Public Key Algorithm defines the algorithm the key can be used with. This is the algorithm field in the SubjectPublicKeyInfo field defined above. The rest is the BIT STRING. The BIT STRING itself is constrained by the type of algorithm. The information in the fields the BIT STRING decodes to is beyond this post. If interested see Section 2.3.5 of RFC 3279 - Algorithms and Identifiers X.509 PKI ... for more on id-ecPublicKey.

Conclusion

If you made it to here, kudos! I hope this has given you a better understanding of what really makes up a certificate, and the sheer complexity around X.509 in general. There is a lot I glossed over in this post which I hope to drill deeper into in the future.
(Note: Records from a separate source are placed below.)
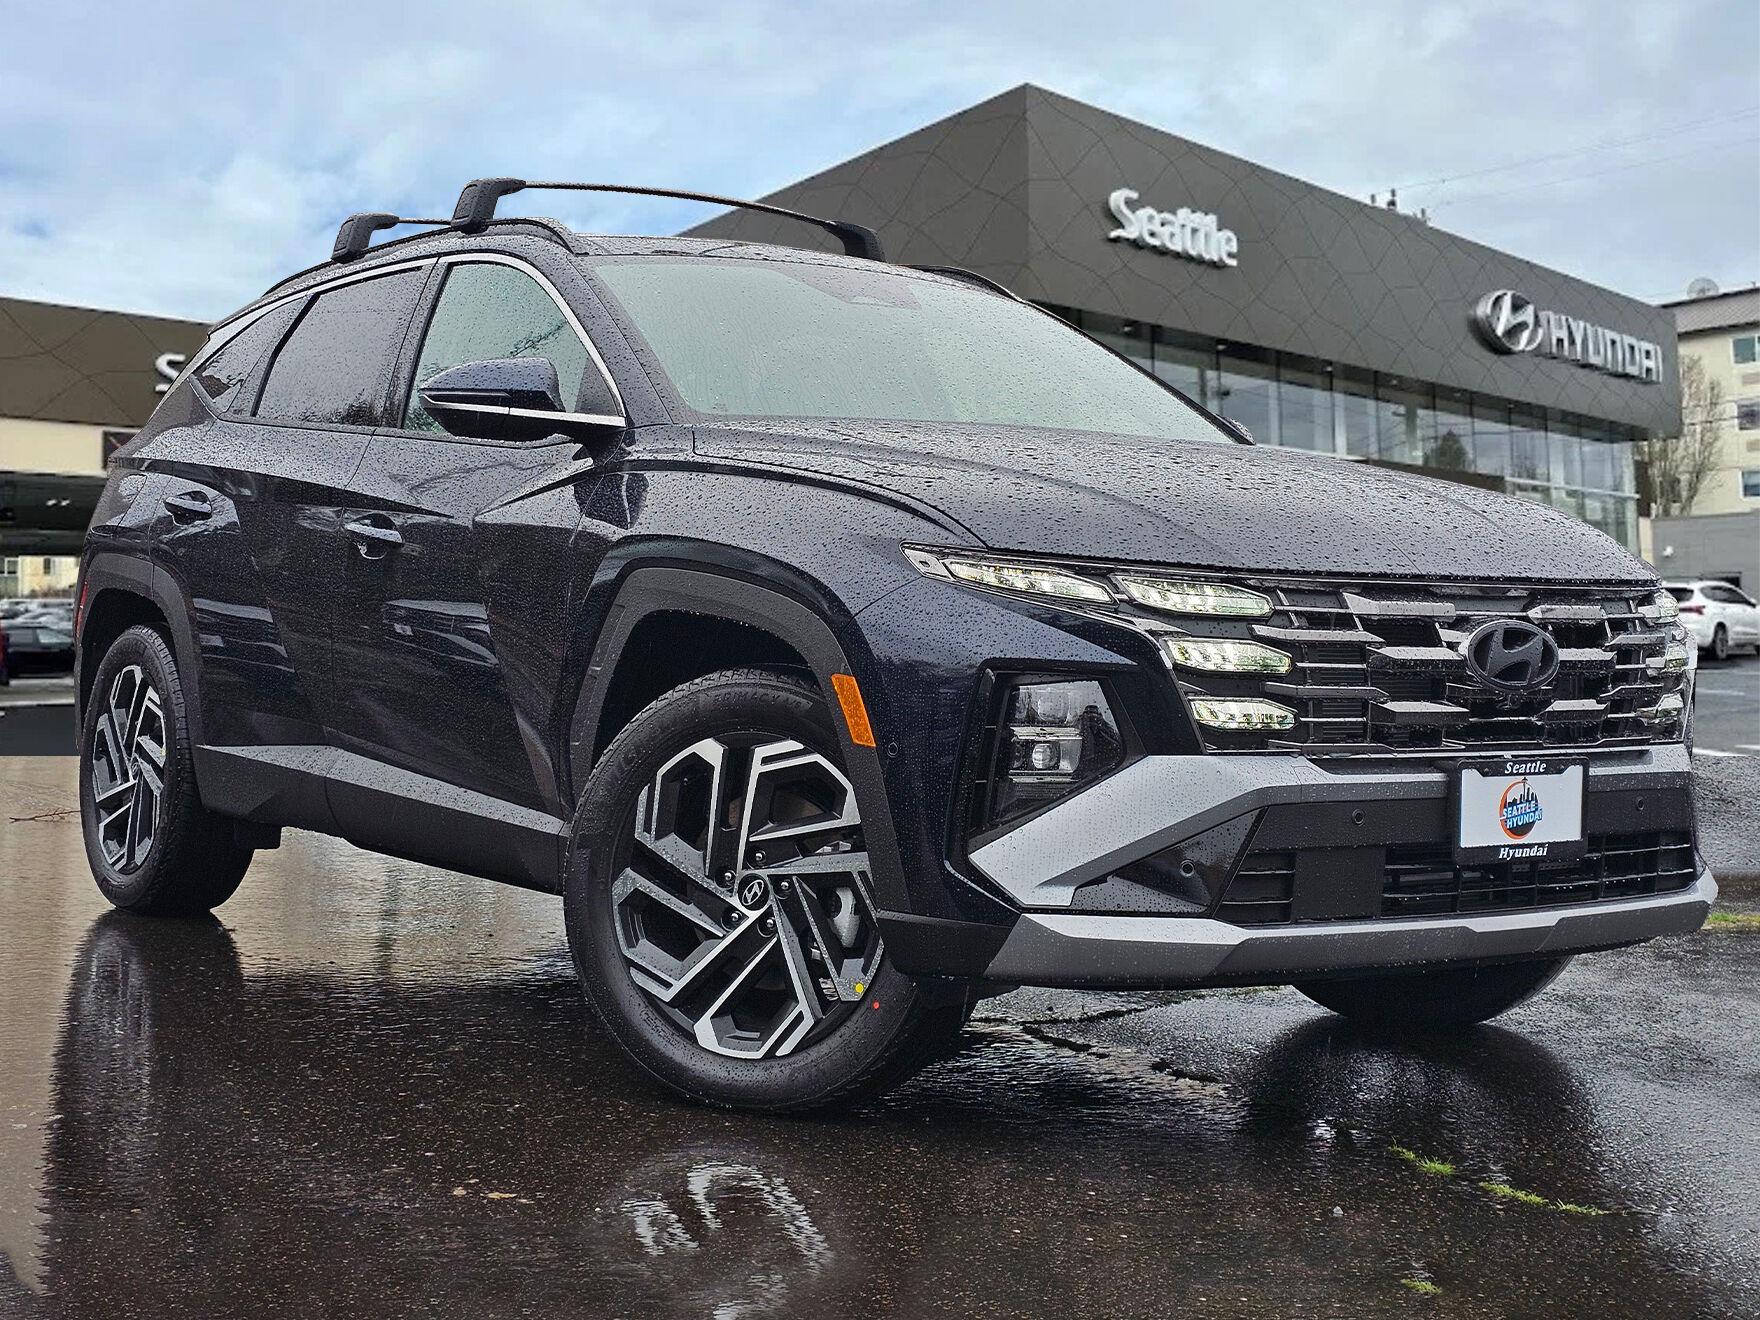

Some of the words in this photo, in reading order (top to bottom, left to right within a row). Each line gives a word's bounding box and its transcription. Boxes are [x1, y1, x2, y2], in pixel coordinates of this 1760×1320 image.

[1109, 188, 1238, 267] Seattle
[1539, 310, 1663, 383] HYUNDAI
[1504, 761, 1547, 774] Seattle
[1502, 801, 1538, 818] SEATTLE
[1506, 808, 1543, 829] HYUNDAI
[1499, 844, 1549, 860] Hyundai
In the next post I'll cover the TBSCertificate extensions fields.


1

ASN.1 - see Introduction to ASN.1.

2

ASN.1 to DER encoding - see ASN.1 encoding rules.

3

Signature - see Section 4.1.1.3 of RFC 5280.

4

Signature Algorithm in Certificate - see Section 4.1.2.3 of RFC 5280.

5

OID for sha256WithRSAEncryption - see https://oidref.com/1.2.840.113549.1.1.11.

6

issuerUniqueID and subjectUniqueID - see Section 4.1.2.8 of RFC 5280.

7

Version - see Section 4.1.2.1 of RFC 5280.

8

Serial Number - see Section 4.1.2.2 of RFC 5280.

9

Signature Algorithm in TBSCertificate - see Section 4.1.1.2 of RFC 5280.

10

Issuer - see Secion 4.2.1.4 of RFC 5280

11

Validity - see Secion 4.2.1.5 of RFC 5280

12

UTCTime - see Section 4.1.2.5.1 of RFC 5280.

13

GeneralizedTime - see Section 4.1.2.5.2 of RFC 5280.

14

Subject - see Secion 4.2.1.6 of RFC 5280

15

Subject Public Key - see Secion 4.2.1.6 of RFC 5280

16

X509v3 Key Usage - see Section 4.2.1.3 of RFC 5280.

17

X509v3 Extended Key Usage - see Section 4.2.1.12 of RFC 5820.

18

critical - see Section 4.2 of RFC 5280.

19

TLS 1.3 Digital Signature - see Section 4.4.2.2 of RFC 8446.

20

id-exPublicKey - see Section 2.1 of RFC 5480.

21

X509v3 Basic Constraints - see Section 4.2.1.9 of RFC 5280.